Resumindo, a escolha por uma cadeira de jantar define parâmetros ergonômicos, e esses parâmetros se inserem na técnica construtiva, mas, via de regra, não a altera. A técnica construtiva, portanto, define encaixes, ordem de execução e montagem das peças, e a ergonomia define, em parte, a dimensão dessas peças. Tais afirmações também estão exemplificadas no texto integral.

No caso da cadeira que executei, lancei mão da adaptação de uma técnica artesanal já conhecida: a das cadeiras do marceneiro norte-americano Sam Maloof (1916-2009). Para tanto, estudei a ordem de procedimentos e os encaixes, e obtive algumas ferramentas imprescindíveis. (Deve-se ressaltar aqui que a ferramenta é um elemento variável a ergonomia; a ferramenta como definidora de forma também é um aspecto abordado no texto integral.) Como esperado, os encaixes, o comportamento do material e as ferramentas pouco a pouco reduziram as possibilidades de forma, aproximando-a cada vez mais da do objeto final.

Além disso, outros aspectos abordados ao longo do trabalho foram a questão da etnomatemática e a do debate analógico versus digital. Em suma, observei que, na prática da marcenaria e da carpintaria, evitam-se abstrações das dimensões das peças, ou seja, uma peça não costuma ser tratada como tendo uma medida de 50 cm, por exemplo; a peça tem uma dimensão que não se nomina, não está em centímetros ou em polegadas: a peça simplesmente é do tamanho que ela, para todos os fins práticos, tem.

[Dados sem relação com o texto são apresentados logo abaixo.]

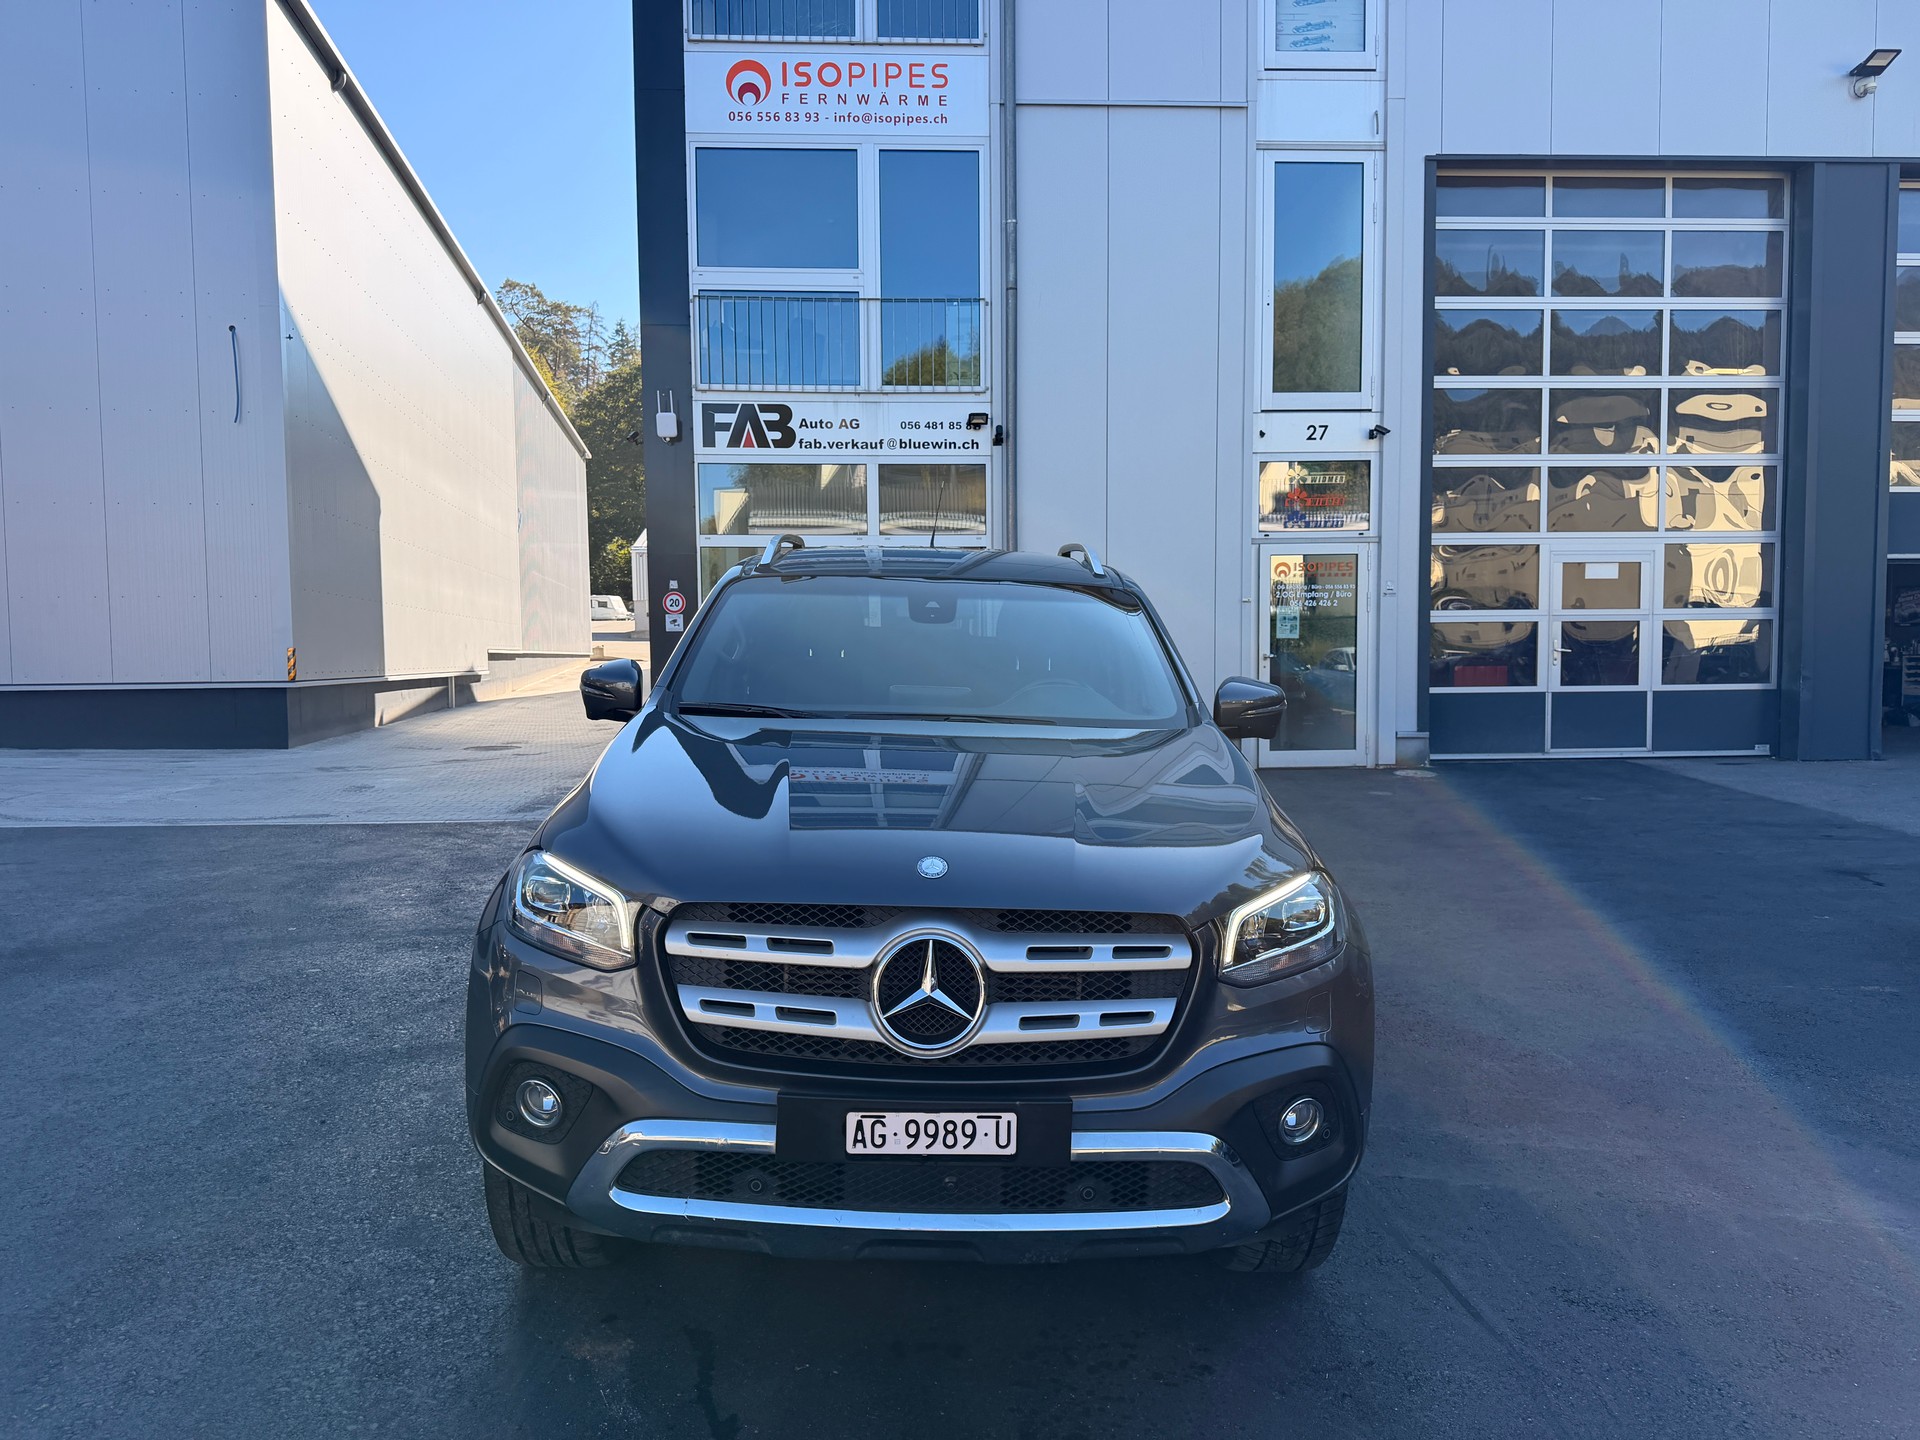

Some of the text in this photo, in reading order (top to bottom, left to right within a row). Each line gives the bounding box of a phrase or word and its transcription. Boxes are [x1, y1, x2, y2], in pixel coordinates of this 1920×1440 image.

Assim, o desenho encontrado em um estaleiro tradicional baiano ou em uma marcenaria tradicional é o desenho prático, o gabarito: uma placa de madeira, geralmente feita de compensado, que serve para registrar um desenho feito à mão e que, quando utilizado, é posto em cima de uma peça de madeira maciça para a qual se deseja transferir o desenho. Portanto, o desenho transferido é análogo ao gabarito.

A técnica tradicional substitui os desenhos de projeto convencional, e assim a forma “surge” com a construção.

Por fim, além destas questões aqui elencadas, acredito poder propor ainda algumas outras discussões como desdobramento deste trabalho, a saber: a questão do ornamento no artesanato como marca de subjetividade do artesão e a discussão das diferenças e aproximações entre técnicas tão distintas quanto a artesanal aqui investigada e aquela baseada no projeto de desenho convencional.